[[ Data excerpts, beginning ]]

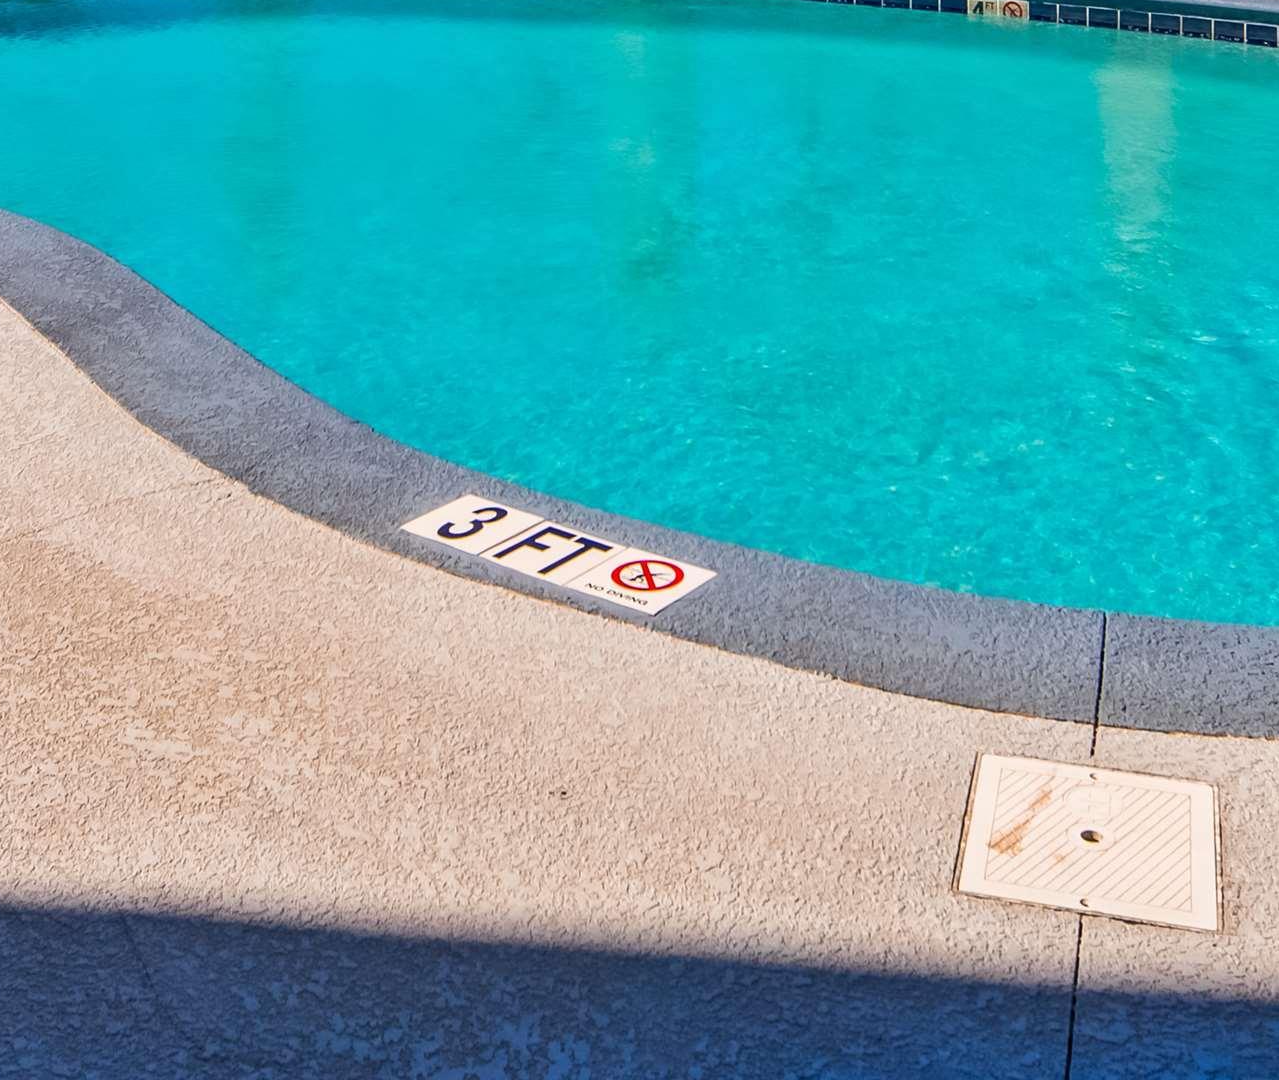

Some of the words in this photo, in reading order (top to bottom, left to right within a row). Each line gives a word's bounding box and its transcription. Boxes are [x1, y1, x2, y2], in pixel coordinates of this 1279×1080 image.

[973, 1, 984, 15] 4
[437, 506, 508, 539] 3
[493, 526, 613, 575] FT
[584, 582, 604, 592] NO
[606, 589, 648, 607] DIVING
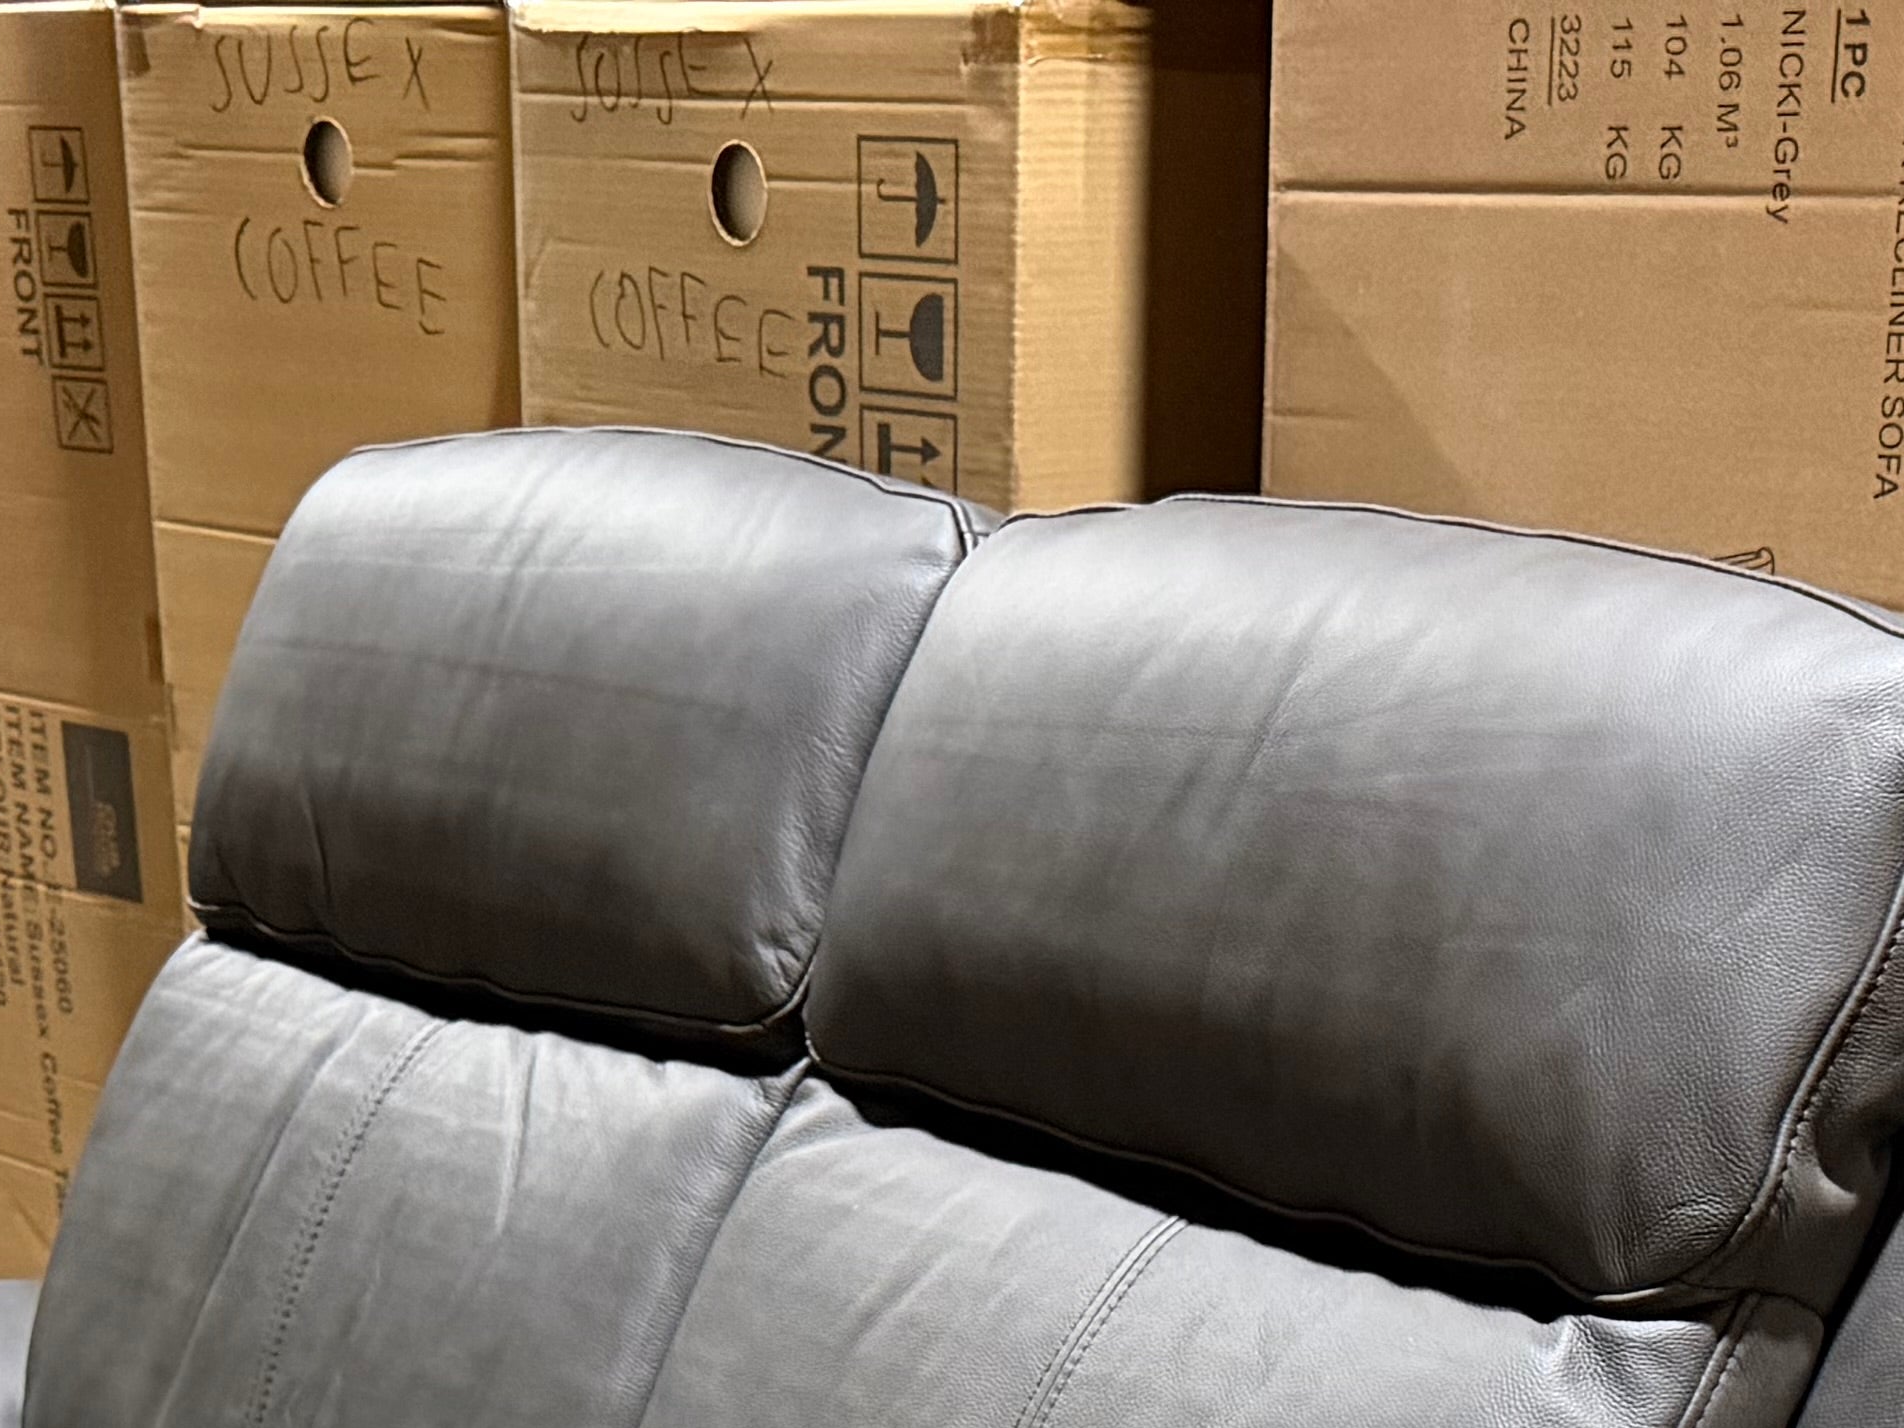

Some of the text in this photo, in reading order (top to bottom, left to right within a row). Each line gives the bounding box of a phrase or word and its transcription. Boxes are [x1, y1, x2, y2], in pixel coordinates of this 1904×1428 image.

[210, 17, 431, 112] SUSSEX
[1504, 18, 1531, 140] CHINA
[1557, 14, 1583, 102] 3223
[1604, 17, 1634, 181] 115 KG
[1658, 14, 1688, 181] 104 KG
[1717, 13, 1744, 92] 1.06
[1840, 9, 1871, 98] 1 PC
[1766, 9, 1807, 224] NICKI-Grey
[7, 208, 45, 366] FRONT
[234, 217, 446, 335] COFFEE
[589, 266, 793, 378] COFFEE
[807, 266, 848, 465] FRON

[[ Data excerpts, end ]]

▶ [Try it]
The answer must be an exact copy of the records, with no images in it.

▶ [Answer to the problem]
Some of the words in this photo, in reading order (top to bottom, left to right within a row). Each line gives a word's bounding box and its transcription. Boxes are [x1, y1, x2, y2], in pixel coordinates of this 1279×1080 image.

[973, 1, 984, 15] 4
[437, 506, 508, 539] 3
[493, 526, 613, 575] FT
[584, 582, 604, 592] NO
[606, 589, 648, 607] DIVING

Some of the text in this photo, in reading order (top to bottom, left to right within a row). Each line gives the bounding box of a phrase or word and its transcription. Boxes are [x1, y1, x2, y2], in pixel coordinates of this 1904×1428 image.

[210, 17, 431, 112] SUSSEX
[1504, 18, 1531, 140] CHINA
[1557, 14, 1583, 102] 3223
[1604, 17, 1634, 181] 115 KG
[1658, 14, 1688, 181] 104 KG
[1717, 13, 1744, 92] 1.06
[1840, 9, 1871, 98] 1 PC
[1766, 9, 1807, 224] NICKI-Grey
[7, 208, 45, 366] FRONT
[234, 217, 446, 335] COFFEE
[589, 266, 793, 378] COFFEE
[807, 266, 848, 465] FRON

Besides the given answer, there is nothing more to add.